START DATA TO EXAMINE
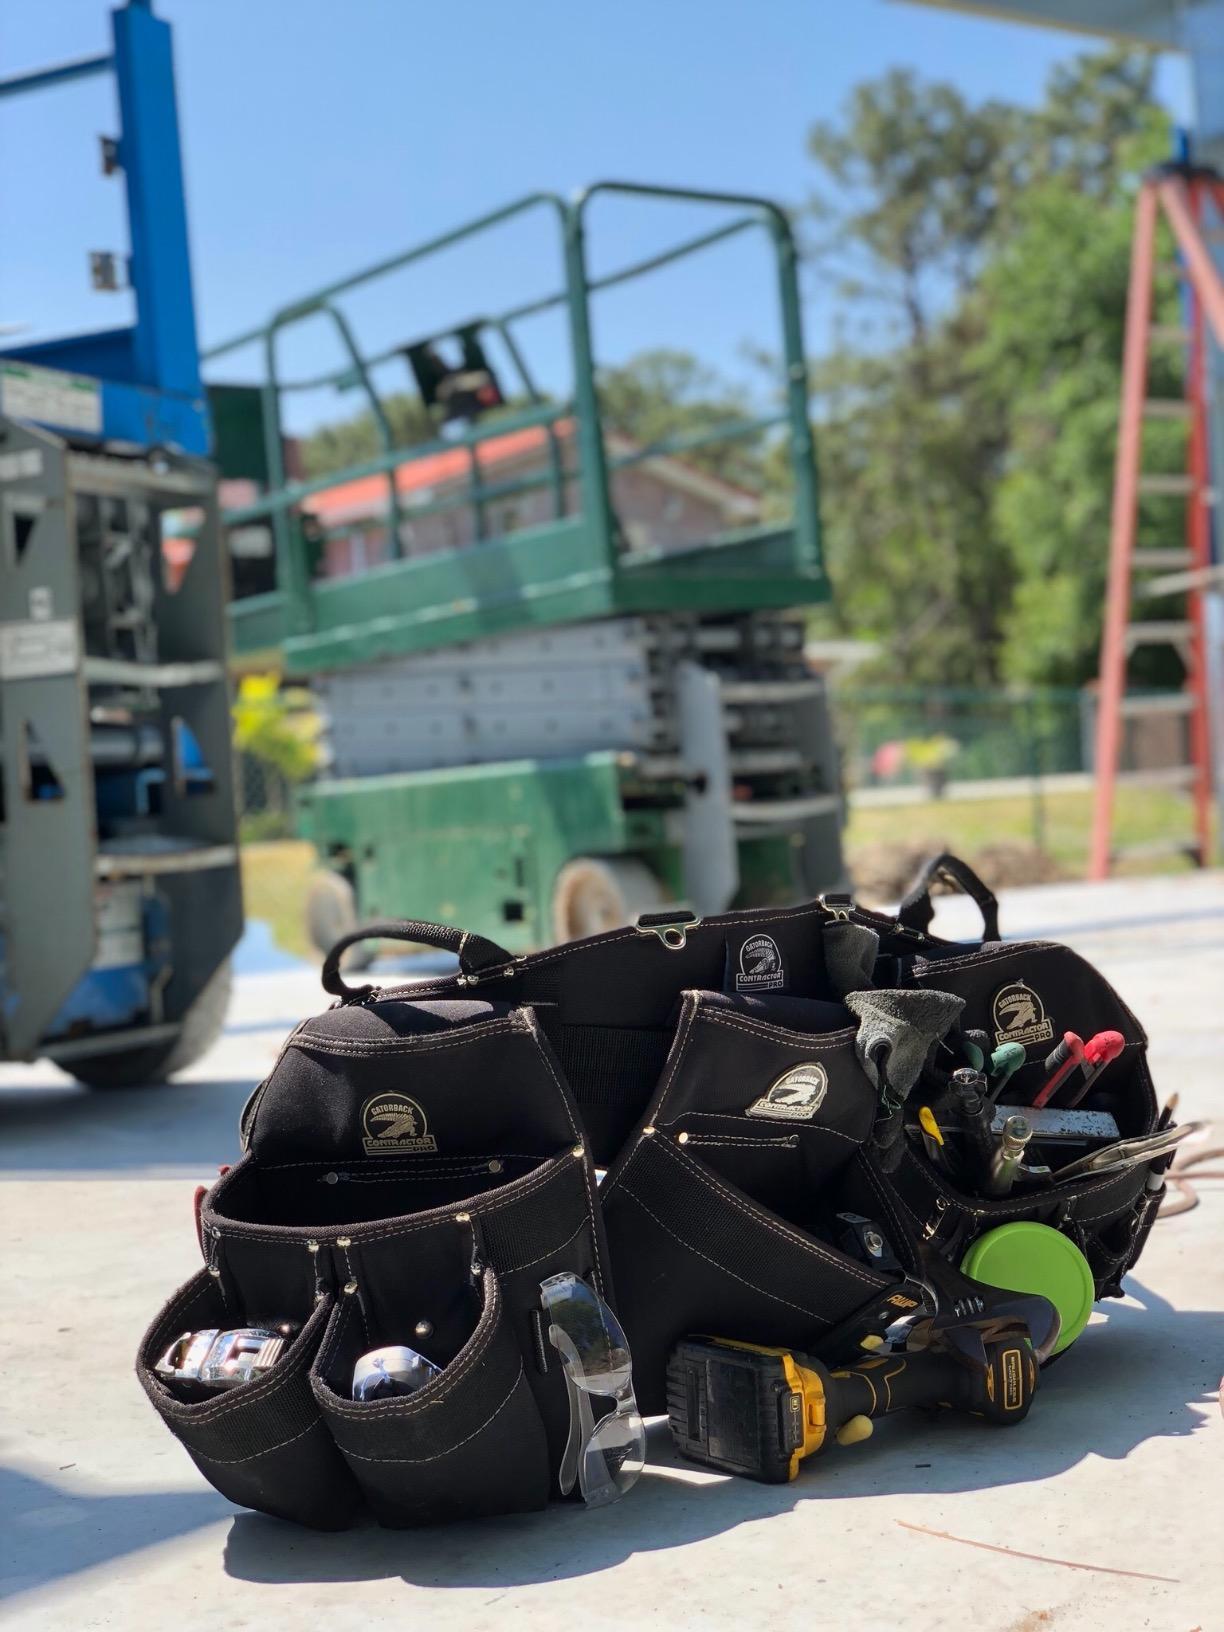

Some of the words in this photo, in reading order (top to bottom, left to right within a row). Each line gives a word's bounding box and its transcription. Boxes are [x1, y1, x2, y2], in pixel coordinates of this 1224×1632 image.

[739, 973, 781, 982] CONTRACTOR
[768, 980, 783, 988] PRO
[998, 994, 1031, 1008] GATORBACK
[999, 1023, 1048, 1040] CONTRACTOR
[1034, 1031, 1051, 1041] PRO
[371, 1104, 413, 1115] GATORBACK
[367, 1138, 431, 1146] CONTRACTOR
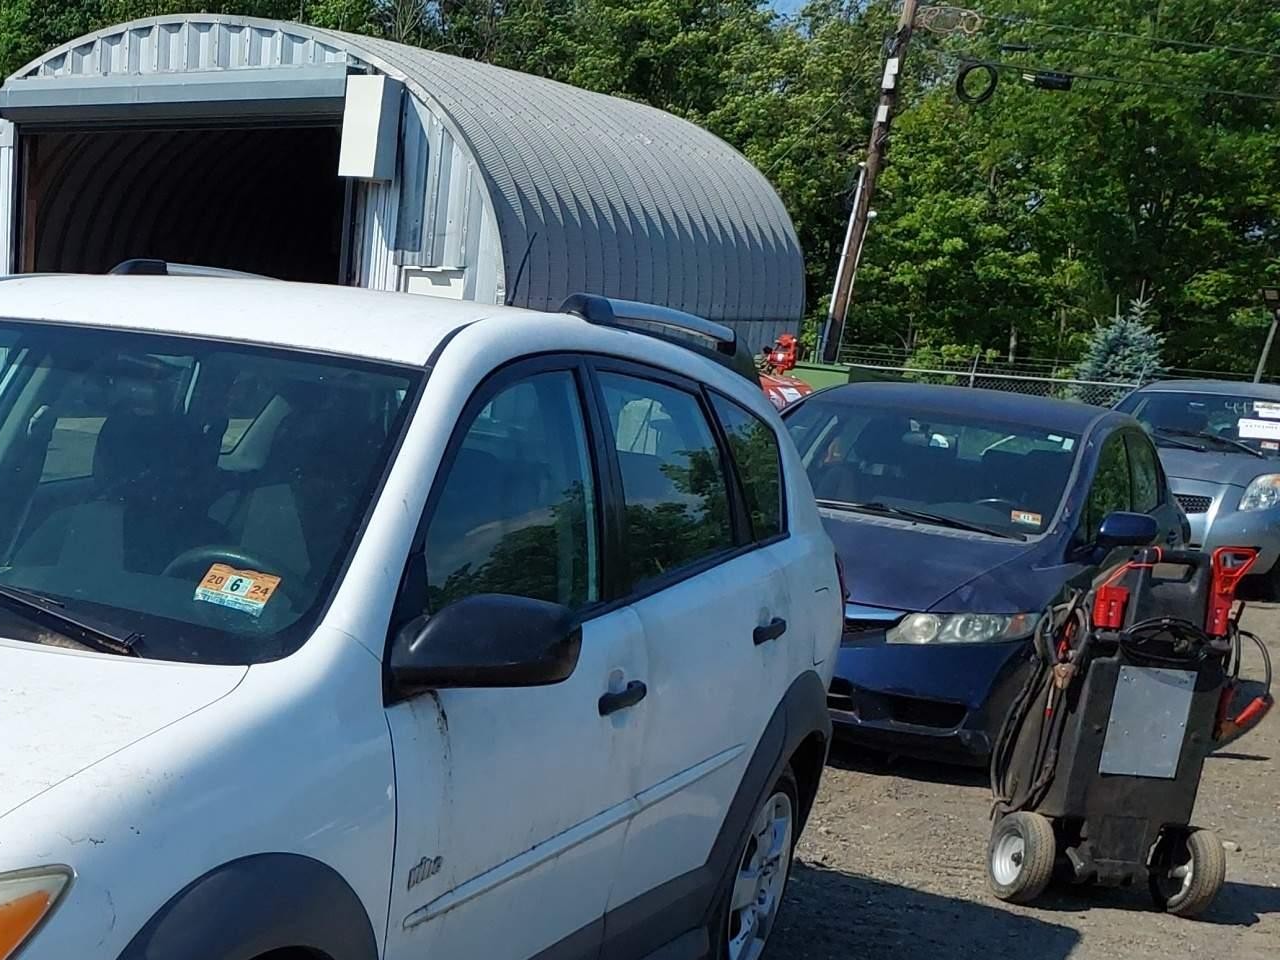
END DATA TO EXAMINE
AIM OF THE EXERCISE: With the pictures removed, output the listing above exactly.

ANSWER TO THIS PROBLEM:
Some of the words in this photo, in reading order (top to bottom, left to right within a row). Each line gives a word's bounding box and its transcription. Boxes are [x1, y1, x2, y2], in pixel coordinates of this 1224×1632 image.

[739, 973, 781, 982] CONTRACTOR
[768, 980, 783, 988] PRO
[998, 994, 1031, 1008] GATORBACK
[999, 1023, 1048, 1040] CONTRACTOR
[1034, 1031, 1051, 1041] PRO
[371, 1104, 413, 1115] GATORBACK
[367, 1138, 431, 1146] CONTRACTOR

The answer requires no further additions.